Aim of the exercise: An exact transcription of all the records is required, minus the images.

Supplied records Start Marker

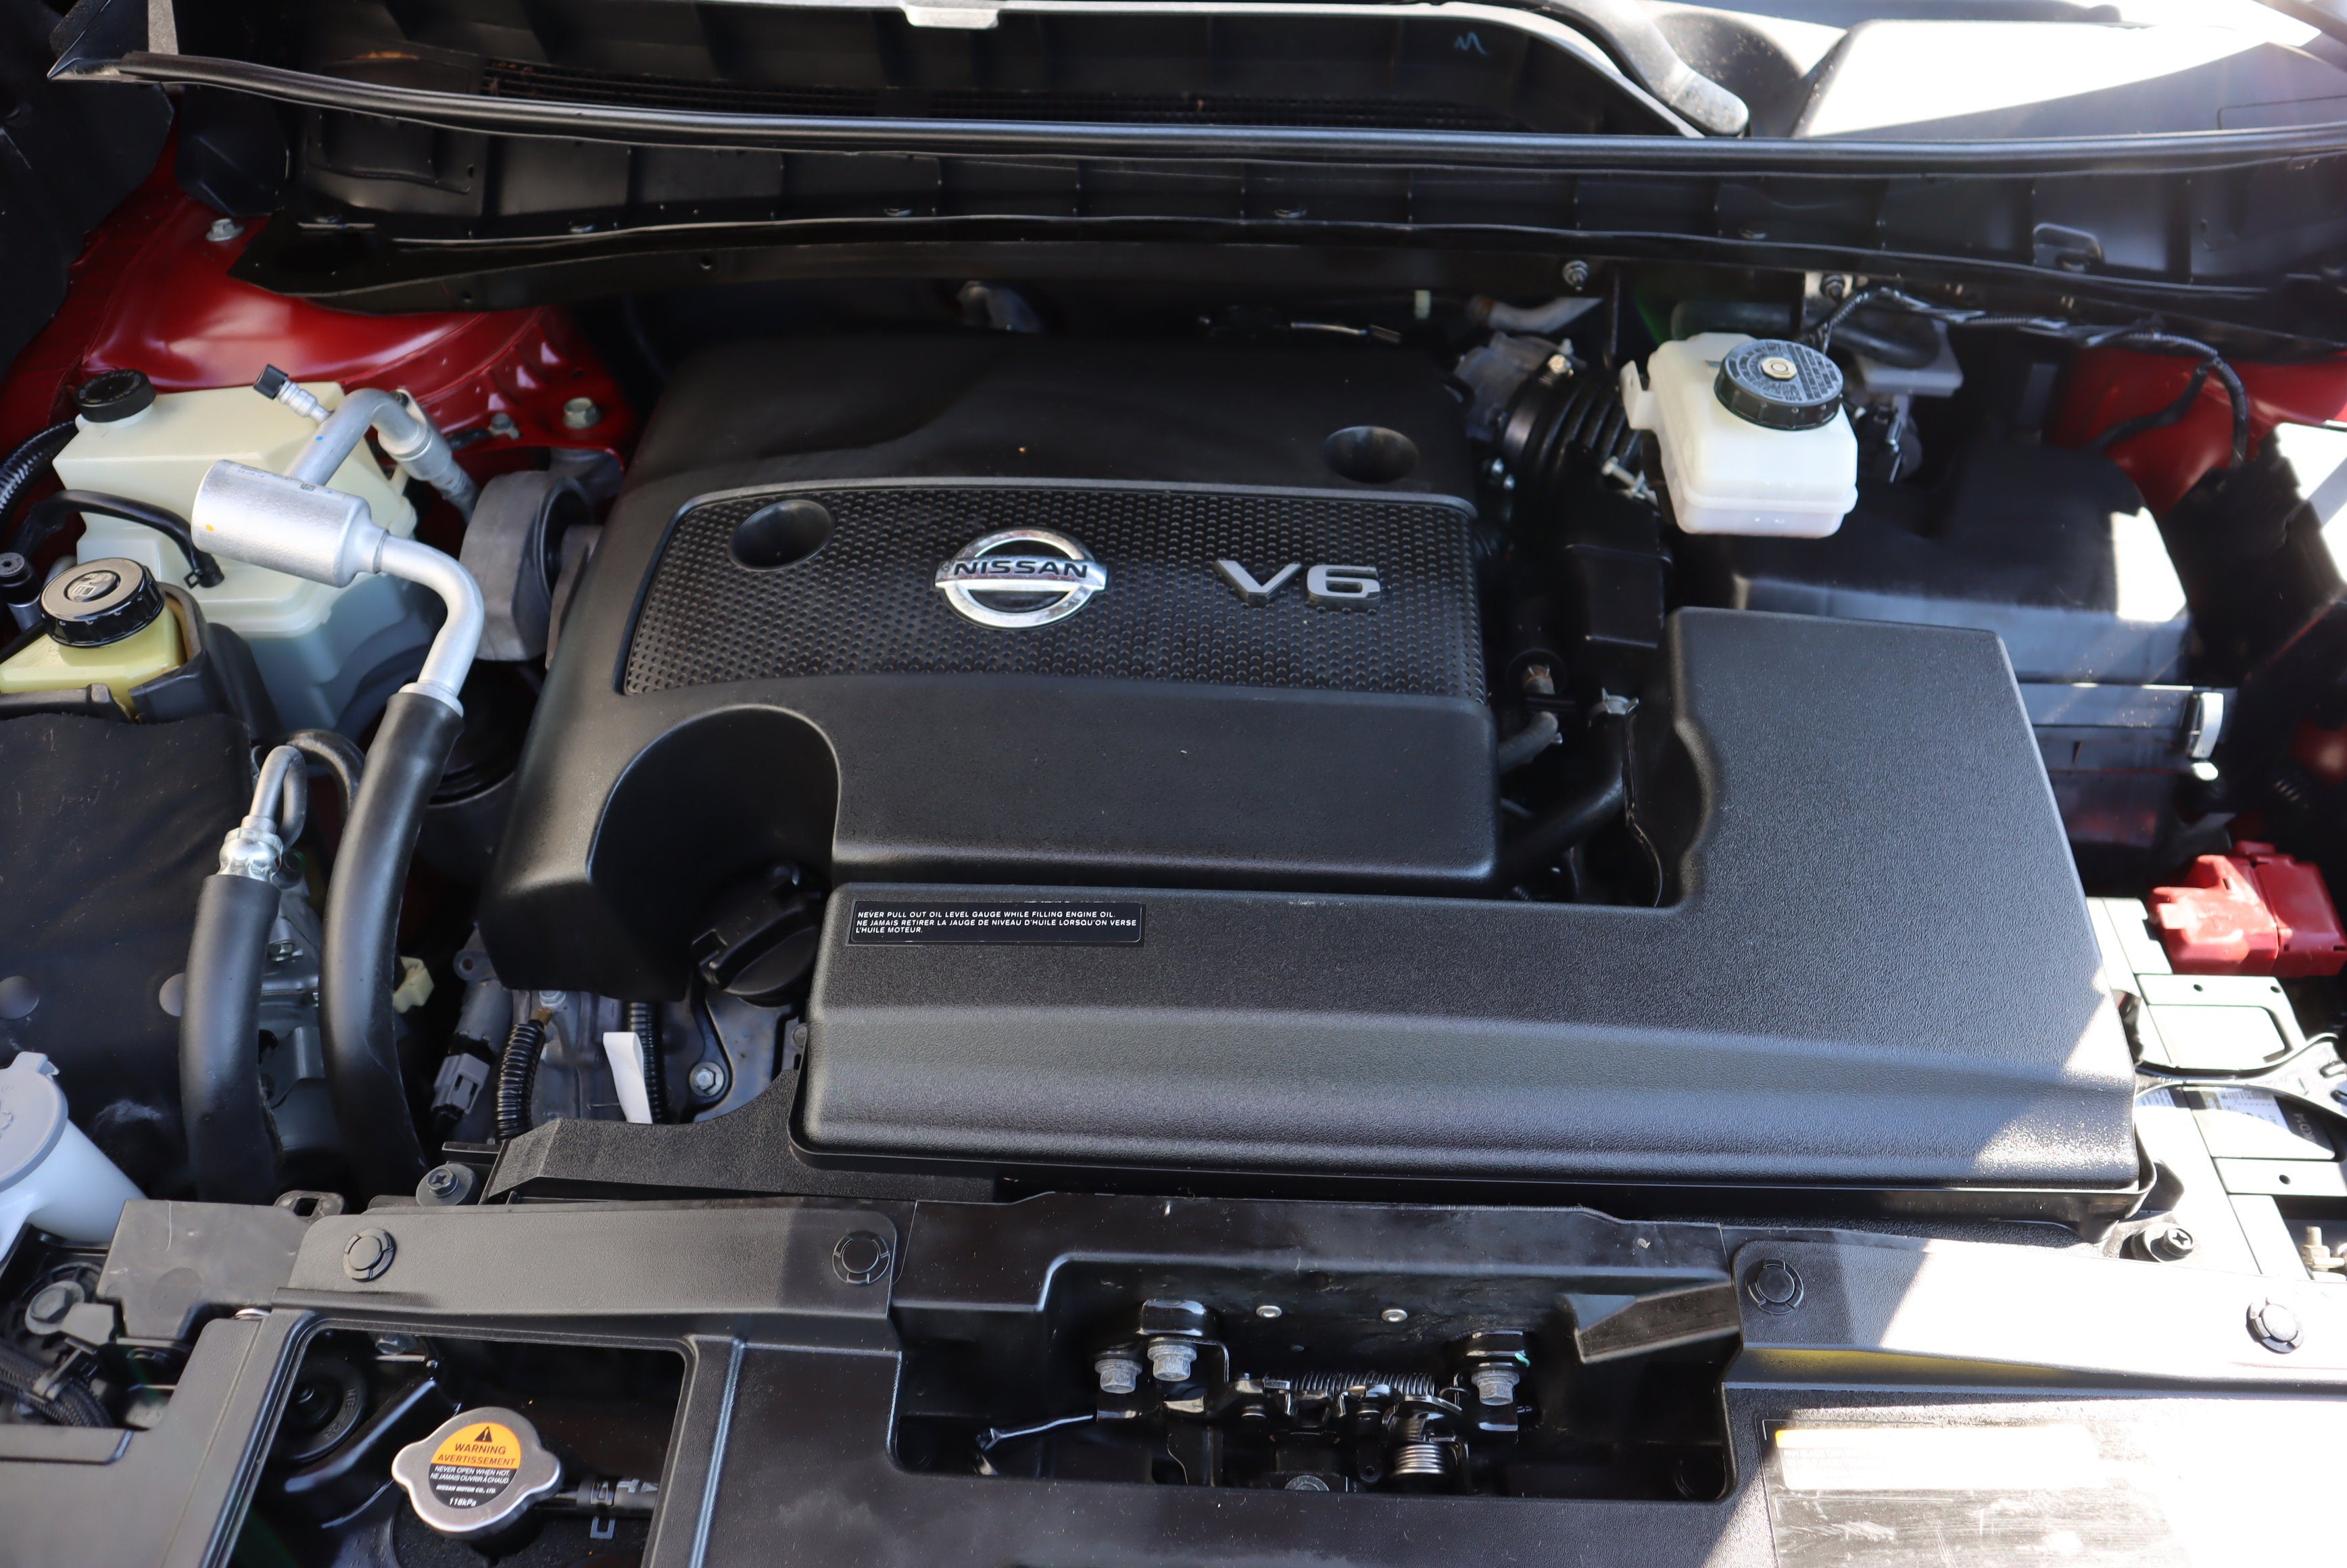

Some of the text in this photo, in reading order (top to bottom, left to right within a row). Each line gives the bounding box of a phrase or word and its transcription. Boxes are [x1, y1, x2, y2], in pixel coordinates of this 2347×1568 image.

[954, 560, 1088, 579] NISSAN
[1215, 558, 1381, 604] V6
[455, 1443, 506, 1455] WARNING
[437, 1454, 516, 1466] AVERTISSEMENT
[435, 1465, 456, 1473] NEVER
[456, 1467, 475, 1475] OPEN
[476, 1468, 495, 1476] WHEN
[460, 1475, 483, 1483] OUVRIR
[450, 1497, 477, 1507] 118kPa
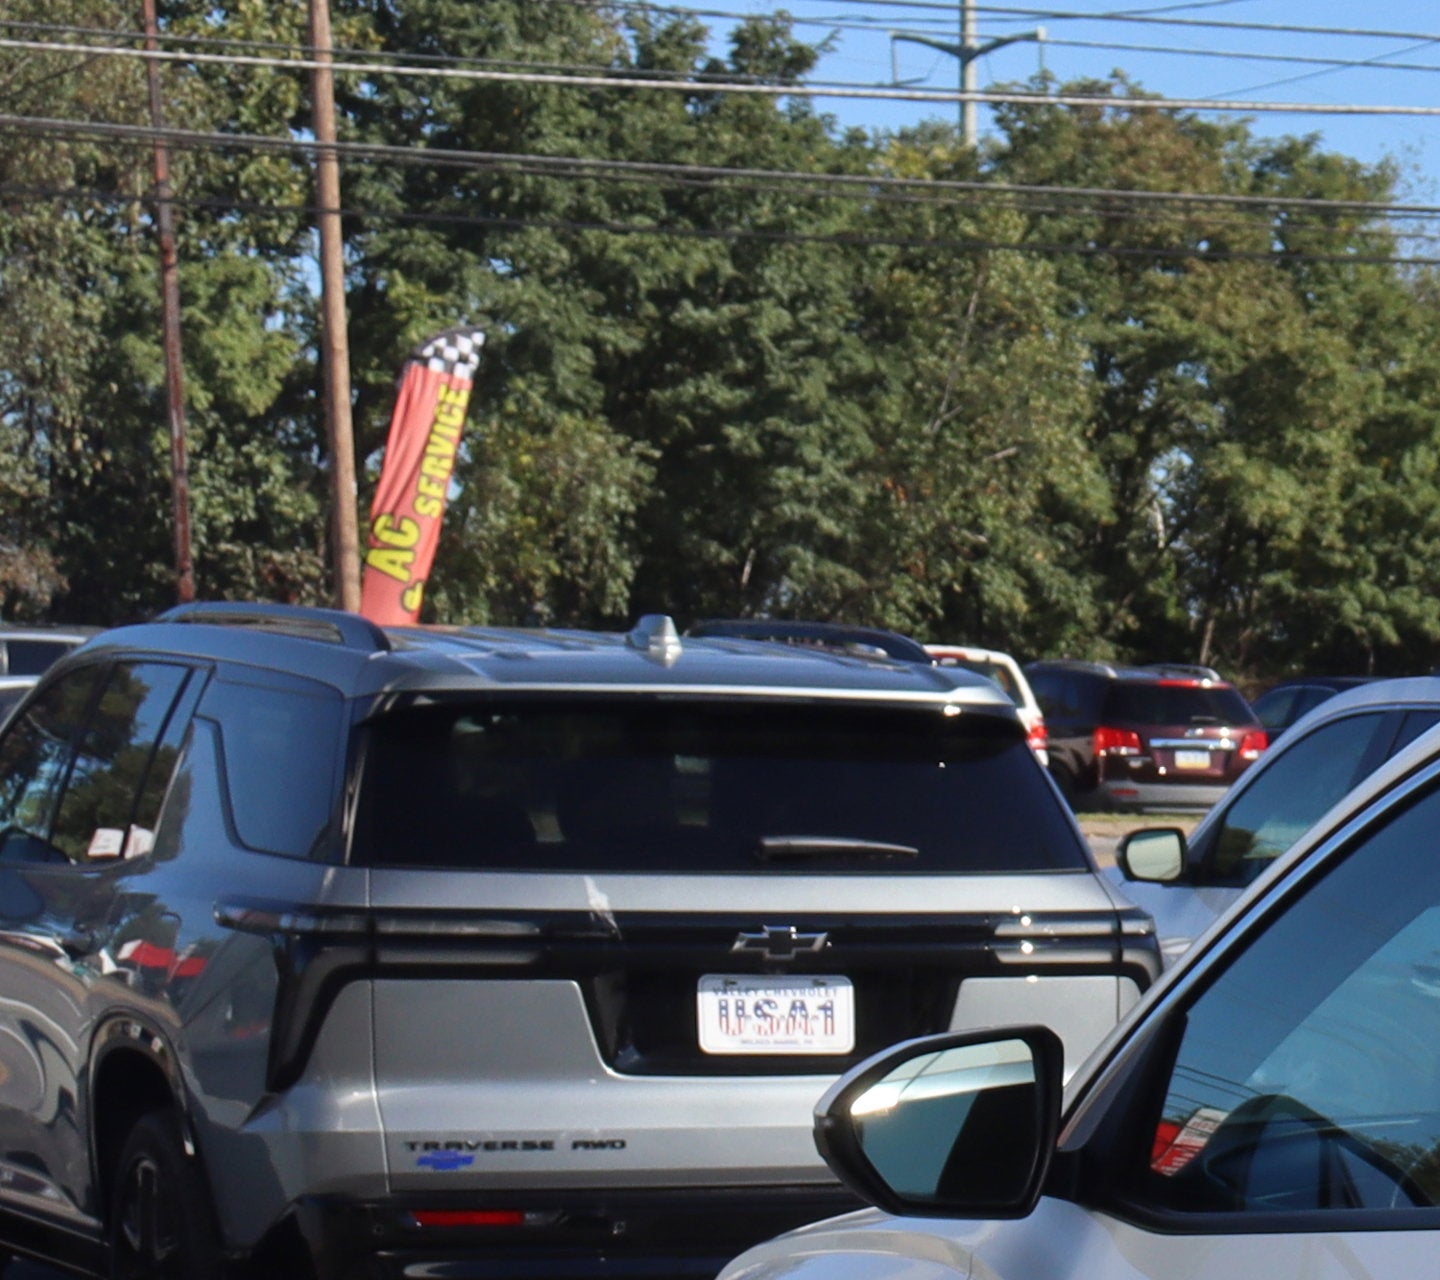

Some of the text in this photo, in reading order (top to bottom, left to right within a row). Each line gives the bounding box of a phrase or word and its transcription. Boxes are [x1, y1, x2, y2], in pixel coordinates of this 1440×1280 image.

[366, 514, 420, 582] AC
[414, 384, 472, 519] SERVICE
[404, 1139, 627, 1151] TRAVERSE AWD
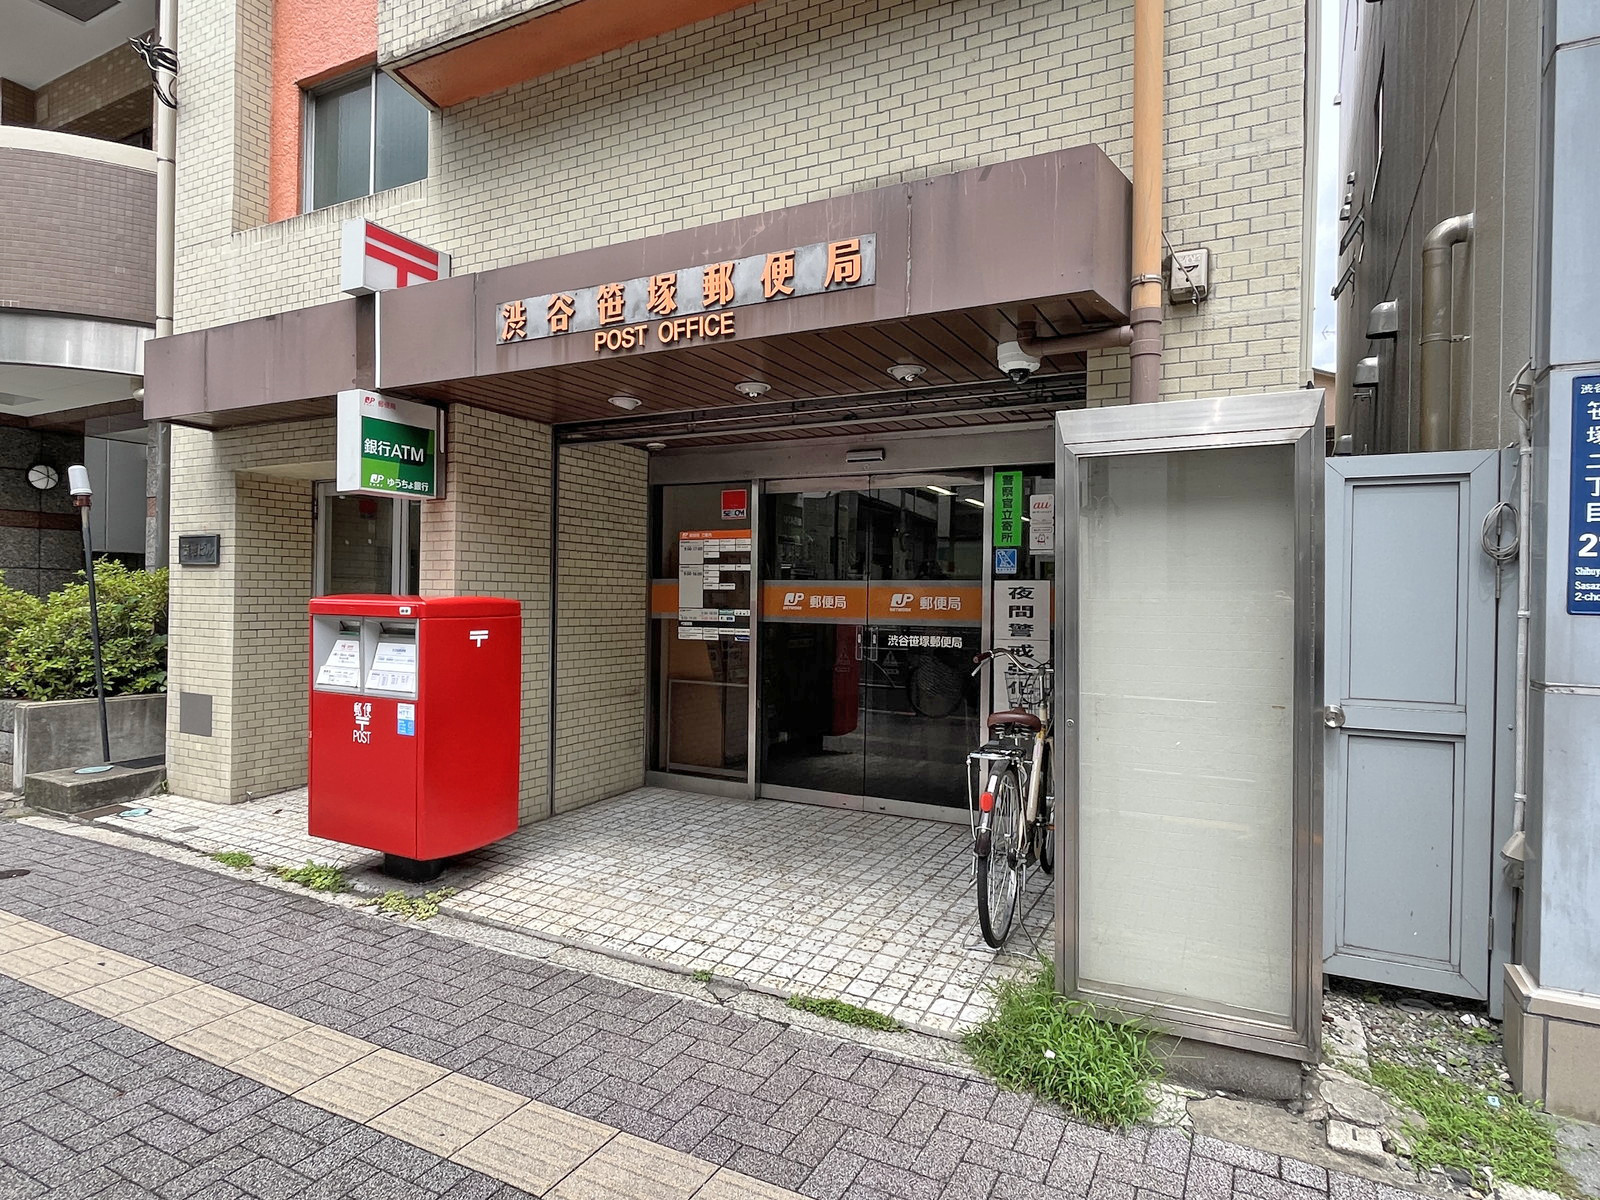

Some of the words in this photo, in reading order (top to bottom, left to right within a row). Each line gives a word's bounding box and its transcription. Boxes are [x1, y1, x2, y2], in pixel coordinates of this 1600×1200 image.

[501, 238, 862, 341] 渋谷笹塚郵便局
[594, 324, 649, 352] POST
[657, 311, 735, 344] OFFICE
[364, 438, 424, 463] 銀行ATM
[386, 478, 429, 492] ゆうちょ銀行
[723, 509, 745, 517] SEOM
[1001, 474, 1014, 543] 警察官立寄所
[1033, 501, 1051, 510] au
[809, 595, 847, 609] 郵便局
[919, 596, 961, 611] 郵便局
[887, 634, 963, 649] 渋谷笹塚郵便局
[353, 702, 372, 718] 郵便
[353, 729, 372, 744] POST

Supplied records End Marker

Response for this exercise:
Some of the text in this photo, in reading order (top to bottom, left to right within a row). Each line gives the bounding box of a phrase or word and its transcription. Boxes are [x1, y1, x2, y2], in pixel coordinates of this 2347×1568 image.

[954, 560, 1088, 579] NISSAN
[1215, 558, 1381, 604] V6
[455, 1443, 506, 1455] WARNING
[437, 1454, 516, 1466] AVERTISSEMENT
[435, 1465, 456, 1473] NEVER
[456, 1467, 475, 1475] OPEN
[476, 1468, 495, 1476] WHEN
[460, 1475, 483, 1483] OUVRIR
[450, 1497, 477, 1507] 118kPa

Some of the text in this photo, in reading order (top to bottom, left to right within a row). Each line gives the bounding box of a phrase or word and its transcription. Boxes are [x1, y1, x2, y2], in pixel coordinates of this 1440×1280 image.

[366, 514, 420, 582] AC
[414, 384, 472, 519] SERVICE
[404, 1139, 627, 1151] TRAVERSE AWD

Some of the words in this photo, in reading order (top to bottom, left to right within a row). Each line gives a word's bounding box and its transcription. Boxes are [x1, y1, x2, y2], in pixel coordinates of this 1600×1200 image.

[501, 238, 862, 341] 渋谷笹塚郵便局
[594, 324, 649, 352] POST
[657, 311, 735, 344] OFFICE
[364, 438, 424, 463] 銀行ATM
[386, 478, 429, 492] ゆうちょ銀行
[723, 509, 745, 517] SEOM
[1001, 474, 1014, 543] 警察官立寄所
[1033, 501, 1051, 510] au
[809, 595, 847, 609] 郵便局
[919, 596, 961, 611] 郵便局
[887, 634, 963, 649] 渋谷笹塚郵便局
[353, 702, 372, 718] 郵便
[353, 729, 372, 744] POST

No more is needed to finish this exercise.